Per trovare la base di questa grande collina occorre discendere più a valle sino alla zona Pisciotto (comprende l’area che partendo dall’attuale Villa Farina giunge alla Chiesa di S. Leonardo detta della Passione) e al Vallone dei Greci (comprende l’area che dalla suddetta Chiesa giunge all'attuale Via Mercato).
In prossimità di quest’ultima Via si diramavano due bretelle, una a sinistra che dirigeva verso la Torre di Federico e l’altra a destra che conduceva a “u CUZZU a MUSEDDA”.
Questa grande collina unita ad un’altra zona collinare e boschiva (l’attuale Spirito Santo) erano parte di un altopiano che fronteggiava la zona bene di Enna anch’essa posta su un altopiano che coincide con l’attuale zona di Lombardia e dintorni.

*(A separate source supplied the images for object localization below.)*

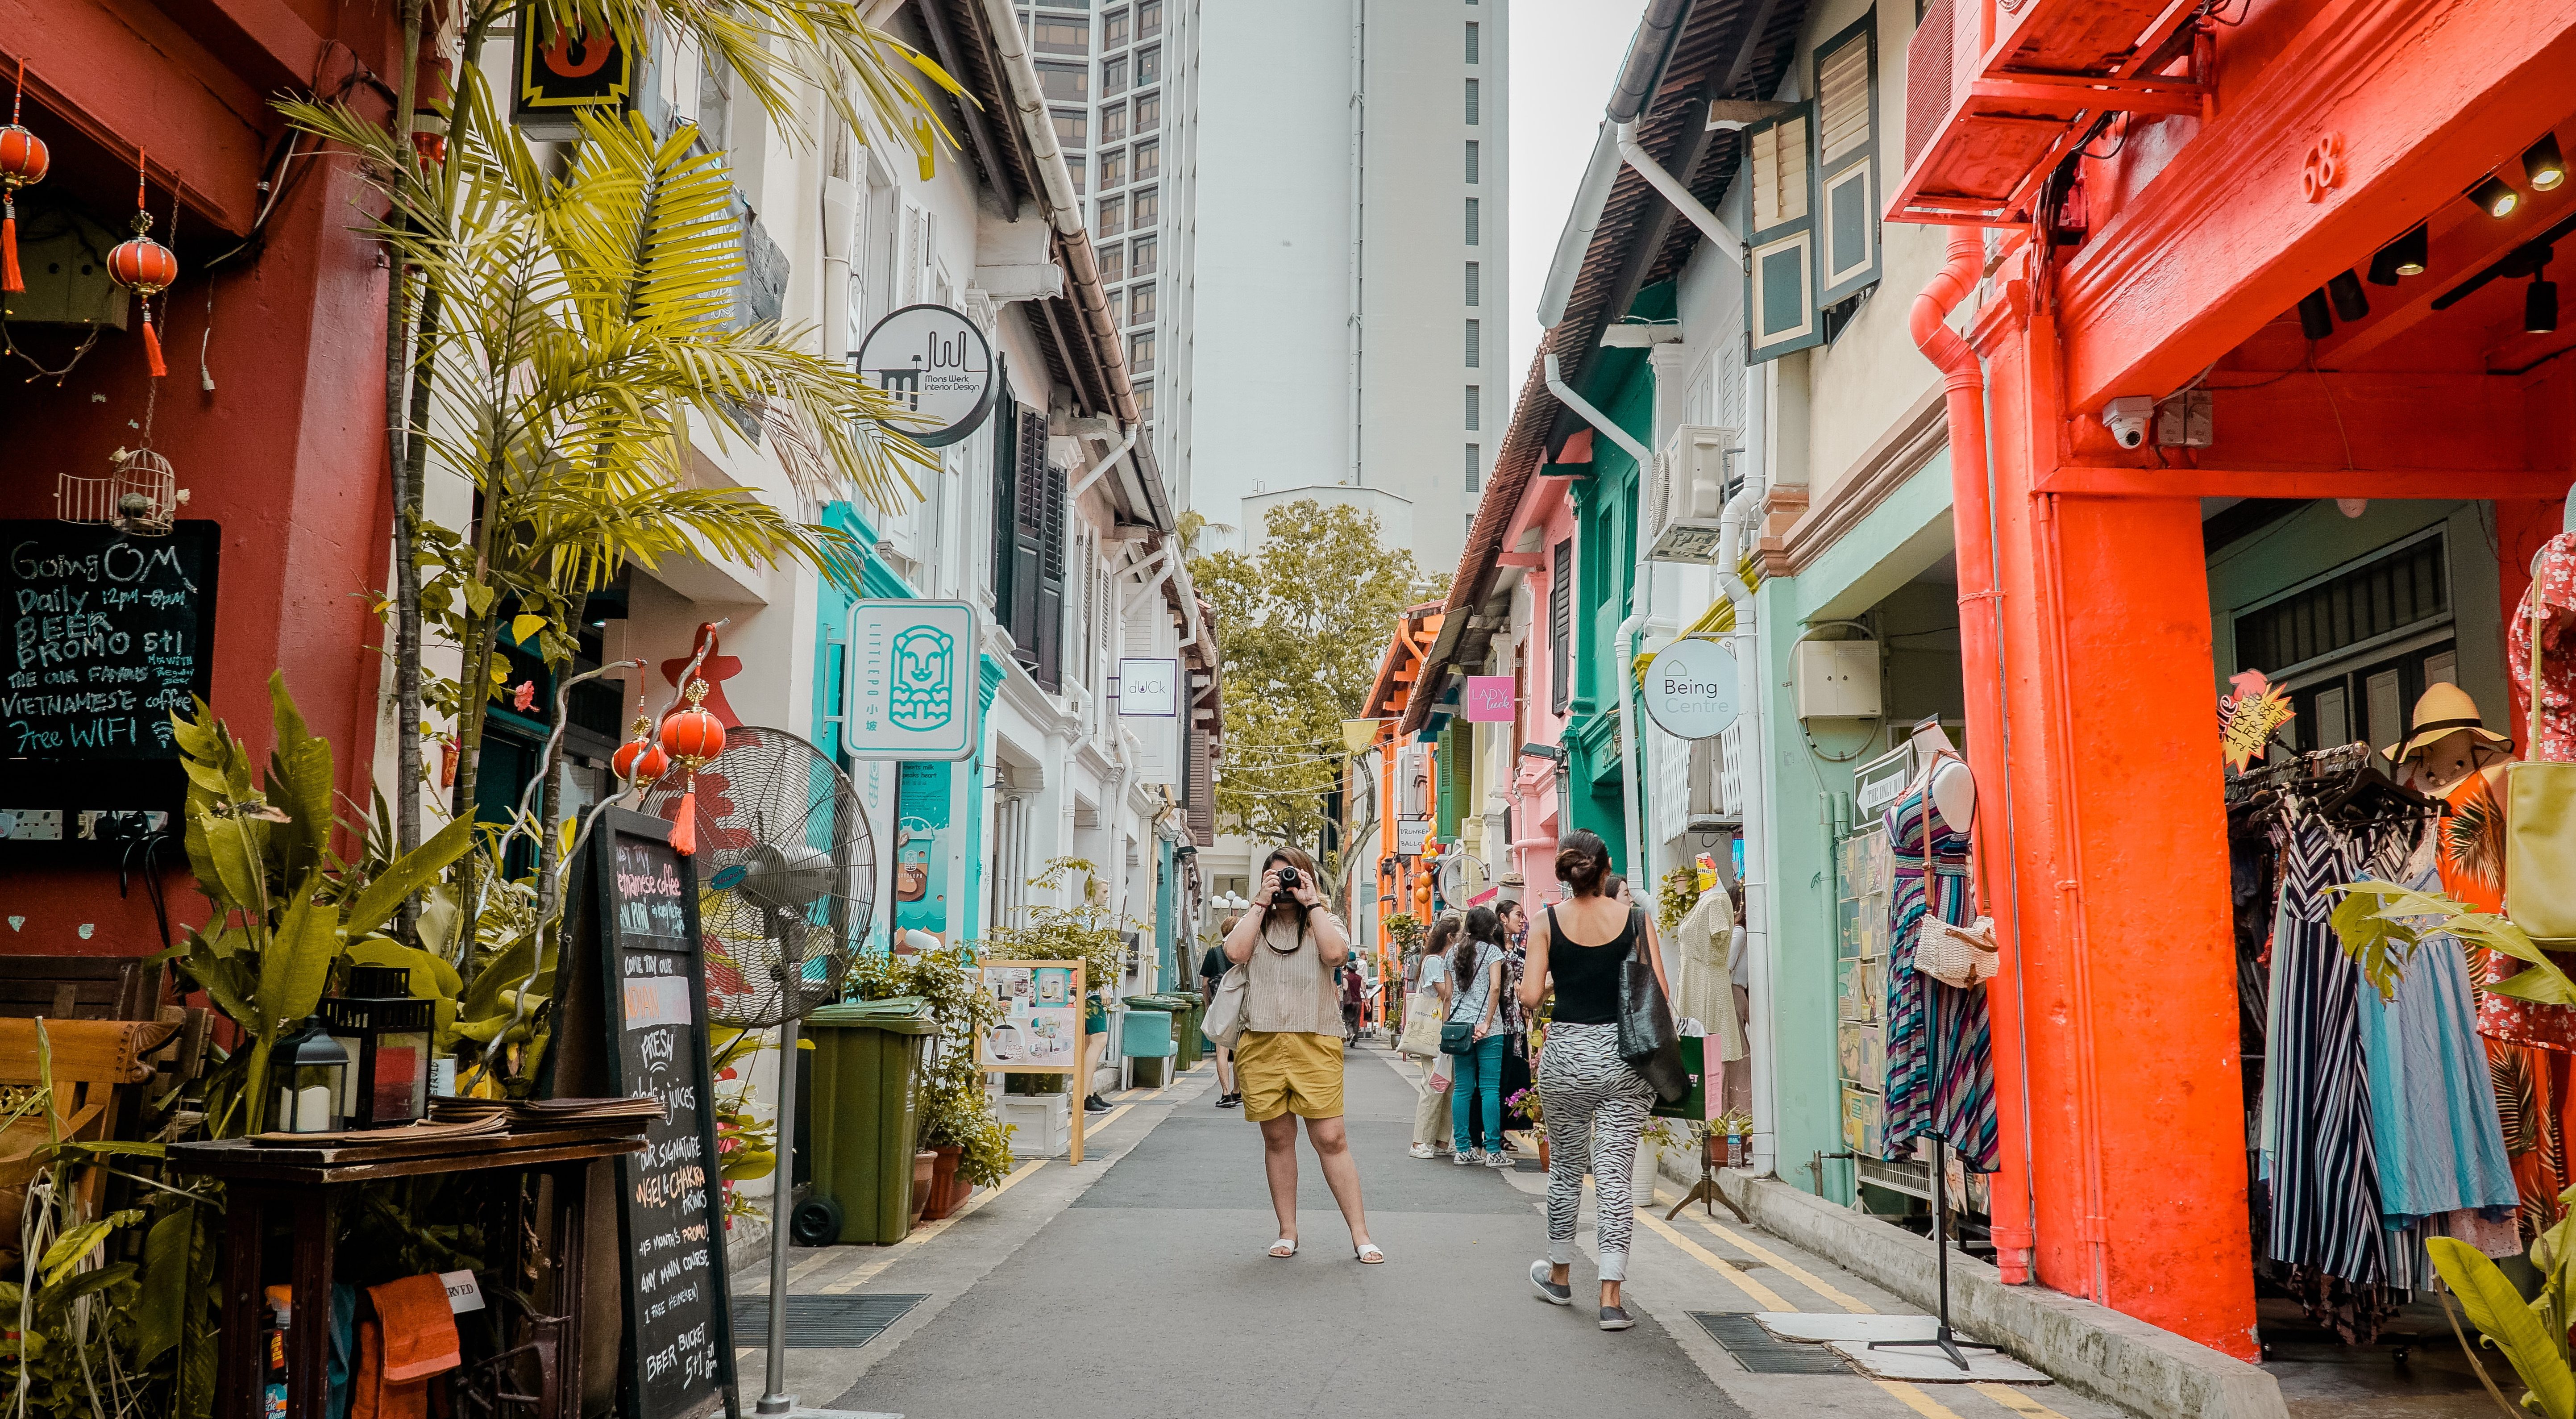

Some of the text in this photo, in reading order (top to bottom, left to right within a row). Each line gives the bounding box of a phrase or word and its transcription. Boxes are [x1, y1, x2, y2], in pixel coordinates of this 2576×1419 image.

[2300, 132, 2334, 202] 68
[954, 383, 980, 393] Design
[11, 541, 98, 581] Going
[16, 584, 89, 615] Daily
[14, 612, 113, 649] BEER
[17, 632, 131, 670] PROMO
[867, 624, 881, 696] LITTLEPO
[8, 671, 37, 688] THE
[1665, 679, 1717, 698] Being
[1, 689, 191, 717] VIETNAMESE coffee
[1472, 689, 1507, 700] LADY
[1487, 695, 1512, 711] luck
[1666, 698, 1729, 713] Centre
[866, 704, 878, 732] 小坡
[2231, 711, 2251, 733] FOR
[2235, 701, 2276, 752] 2 FOR $36
[8, 717, 136, 753] Free WIFI
[2225, 734, 2238, 745] 1
[2248, 740, 2261, 753] NO
[1867, 776, 1902, 804] THE ONLY WAY
[617, 866, 656, 901] etnamese
[657, 863, 681, 897] coffee
[625, 955, 673, 976] COME TRY OUR
[665, 1077, 695, 1122] juices
[641, 1144, 657, 1171] OUR
[659, 1136, 701, 1168] SIGNATURE
[636, 1165, 705, 1208] NGEL & CHAKRA
[683, 1189, 707, 1215] DRINKS
[653, 1227, 681, 1251] MONTH'S
[641, 1249, 710, 1293] ANY MAIN COURSE
[446, 1284, 474, 1298] RVED
[651, 1301, 665, 1318] FREE
[647, 1322, 705, 1382] BEER BUCKET

Purtroppo, non sono uno storico e neppure un archeologo, lavoro di ricordi e di deduzione, ma ho voluto ugualmente fare cenno ad un percorso che, come testimone, possa passare di mano a quei giovani che nel ricercare le proprie radici vogliono conoscersi e far conoscere e per farlo occorre raggiungere e capire il punto di partenza perché, nella storia più recente di Enna, il quartiere del Passo Signore ha avuto il suo posto di riguardo.
Quando ero giovanissimo, tenuto conto dei miei 85 anni, la zona che a metà di Via Mercato (chiamata RABICO) si affaccia verso la Chiesa della Passione era costituita da grotte (tuttora qualcuna esiste) abitate da una colonia greca (detta Vallone dei Greci) tant’è che si chiama Via dei Greci.
Il Vallone comprendeva il lato sinistro (quello appena descritto ) e il lato destro che è posto alla base della Via Mercato, anch’esso tuttora visibile osservando, dalla Chiesa della Passione, il costone collinare della stessa Via Mercato.
Questa Via nasce sui ruderi delle due bretelle, precedentemente citate, infatti ancora oggi partendo dal Rabico da una parte si arriva alla Torre di Federico; mentre dall’altra alla Via Roma (zona Passo Signore), quindi al Vicolo Salerno, alla Via Filonide, alla Via Lo Bue e poi alla sommità del Cozzo Mosella (l’attuale Via Messina).
Oggi, il Cozzo Mosella, è sede in parte dell’Ospedale, del Laboratorio d'Igiene e Profilassi e dei numerosi palazzi dell'Istituto Case Popolari; ma settanta anni fa era un prato con vegetazione spontanea e numerosi orti privati. Anticamente la parte di Via Roma, detto Passo Signore, non era altro che grotte su cui furono costruite parecchie abitazioni a due e perfino a tre piani; molte di queste conservarono alcune delle grotte annesse alla propria casa come ripostigli, dispense, stalle, forni familiari, depositi per la paglia e la legna, come nel caso delle famiglie Salerno, Russo, Barbarino, Germanà.
Per esempio, l’abitazione della mia famiglia, in Via Filonide, era in parte costruita su grotte: al piano terra (a livello della Via Roma) vi abitava la famiglia Gulino con annesse grotte destinate a stalle, forno familiare e deposito per paglia e legna; al piano superiore, abitava la famiglia Impellizeri con annessa la sua grotta e il cui ingresso era dalla Via Filonide; infine, l’ultimo piano, era l'abitazione della famiglia Vicari (dove sono nato).
Percorrendo un altro tratto di via e prima di giungere al Cozzo Mosella, vi erano altre grotte con altrettante civili abitazioni dove abitavano diverse famiglie, ricordo le famiglie Iannello, Chiusa, Alonzo e Pennadoro che vi abitò fino agli anni cinquanta.
Ciò che mi ha spinto a parlarne è la speranza che qualche appassionato di storia, archeologia, certamente più giovane dello stesso scrivente, possa approfondire e perfino scoprire quali insediamenti o quali gruppi etnici abitarono Enna partendo dal presupposto che in questo altopiano trovarono rifugio dai Siculi ai Sicani, dai Greci agli Ebrei, gli Arabi e più recentemente Fundrò dai boschi di Rossomanno (Piazza Armerina). Qui mi fermo, perché mi rendo conto che qualche altro potrebbe approfondire, meglio, questi aspetti.